» Your task: Nothing in the records below should be altered in the copy, although the pictures must be left out.

──────── Extracted entries

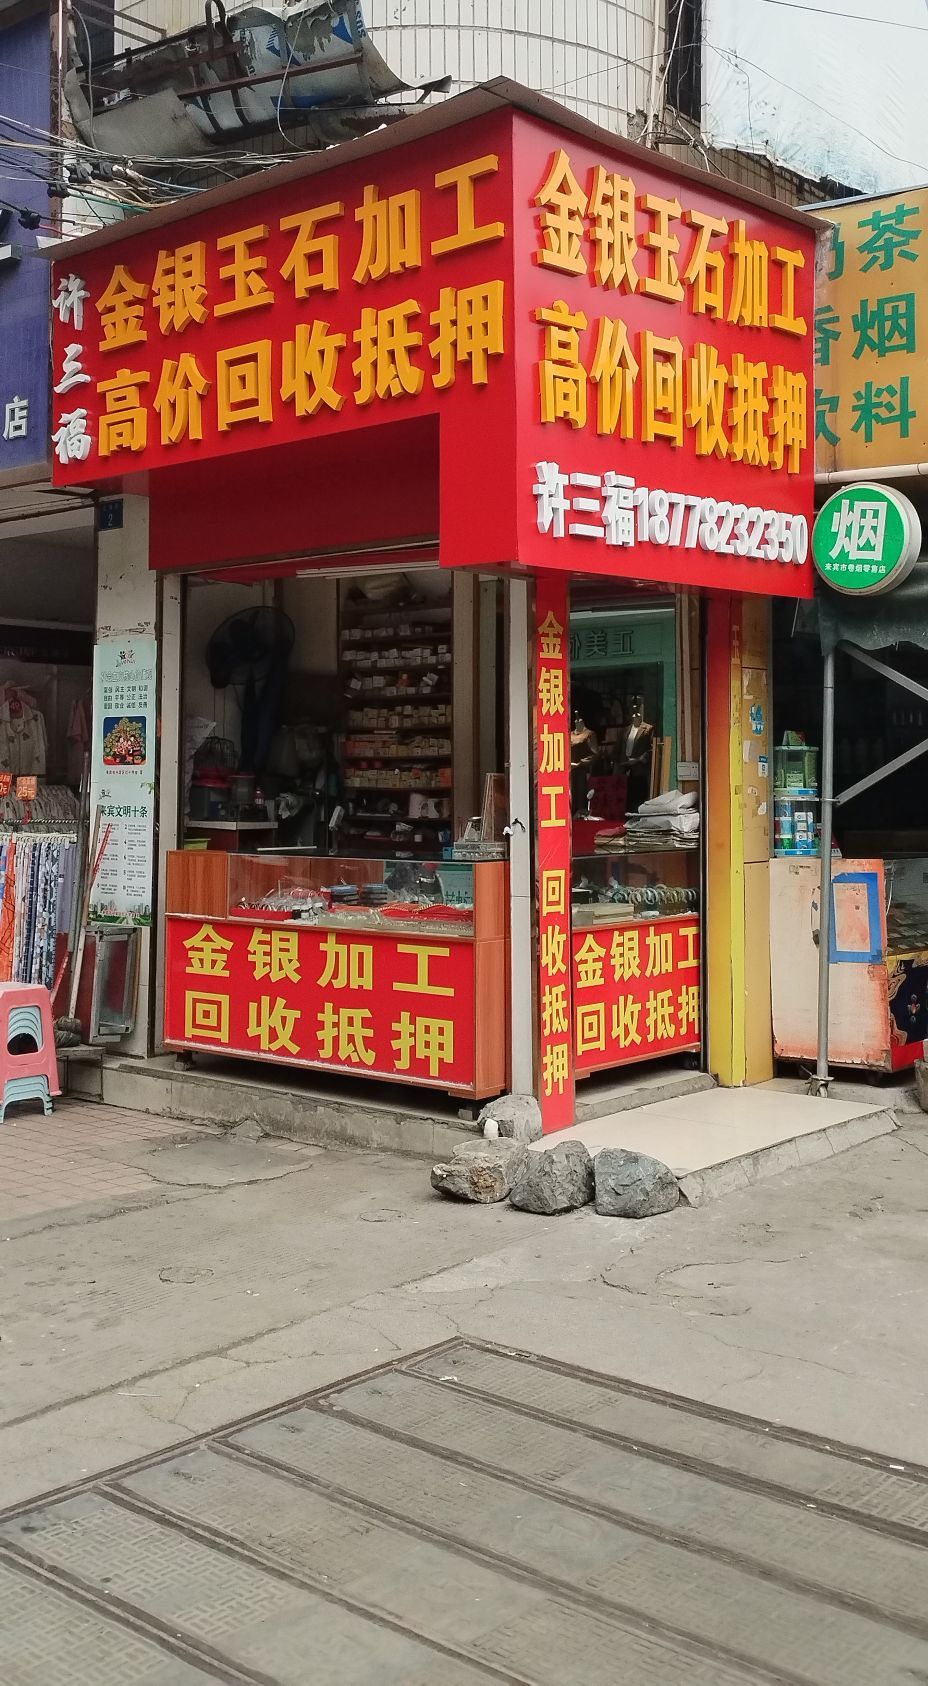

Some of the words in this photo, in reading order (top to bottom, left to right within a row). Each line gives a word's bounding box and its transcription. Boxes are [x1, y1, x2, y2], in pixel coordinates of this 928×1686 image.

[95, 154, 505, 352] 金银玉石加工
[534, 148, 808, 338] 金银玉石加工
[3, 396, 29, 441] 店
[51, 273, 92, 465] 许三福
[96, 280, 505, 457] 高价回收抵押
[535, 300, 808, 474] 高价回收抵押
[828, 499, 888, 561] 烟
[538, 610, 566, 828] 金银加工
[182, 924, 455, 998] 金银加工
[184, 990, 455, 1078] 回收抵押
[541, 869, 569, 1097] 回收抵押
[574, 926, 700, 989] 金银加工
[576, 985, 701, 1057] 回收抵押

────────────────

» Final answer:
Some of the words in this photo, in reading order (top to bottom, left to right within a row). Each line gives a word's bounding box and its transcription. Boxes are [x1, y1, x2, y2], in pixel coordinates of this 928×1686 image.

[95, 154, 505, 352] 金银玉石加工
[534, 148, 808, 338] 金银玉石加工
[3, 396, 29, 441] 店
[51, 273, 92, 465] 许三福
[96, 280, 505, 457] 高价回收抵押
[535, 300, 808, 474] 高价回收抵押
[828, 499, 888, 561] 烟
[538, 610, 566, 828] 金银加工
[182, 924, 455, 998] 金银加工
[184, 990, 455, 1078] 回收抵押
[541, 869, 569, 1097] 回收抵押
[574, 926, 700, 989] 金银加工
[576, 985, 701, 1057] 回收抵押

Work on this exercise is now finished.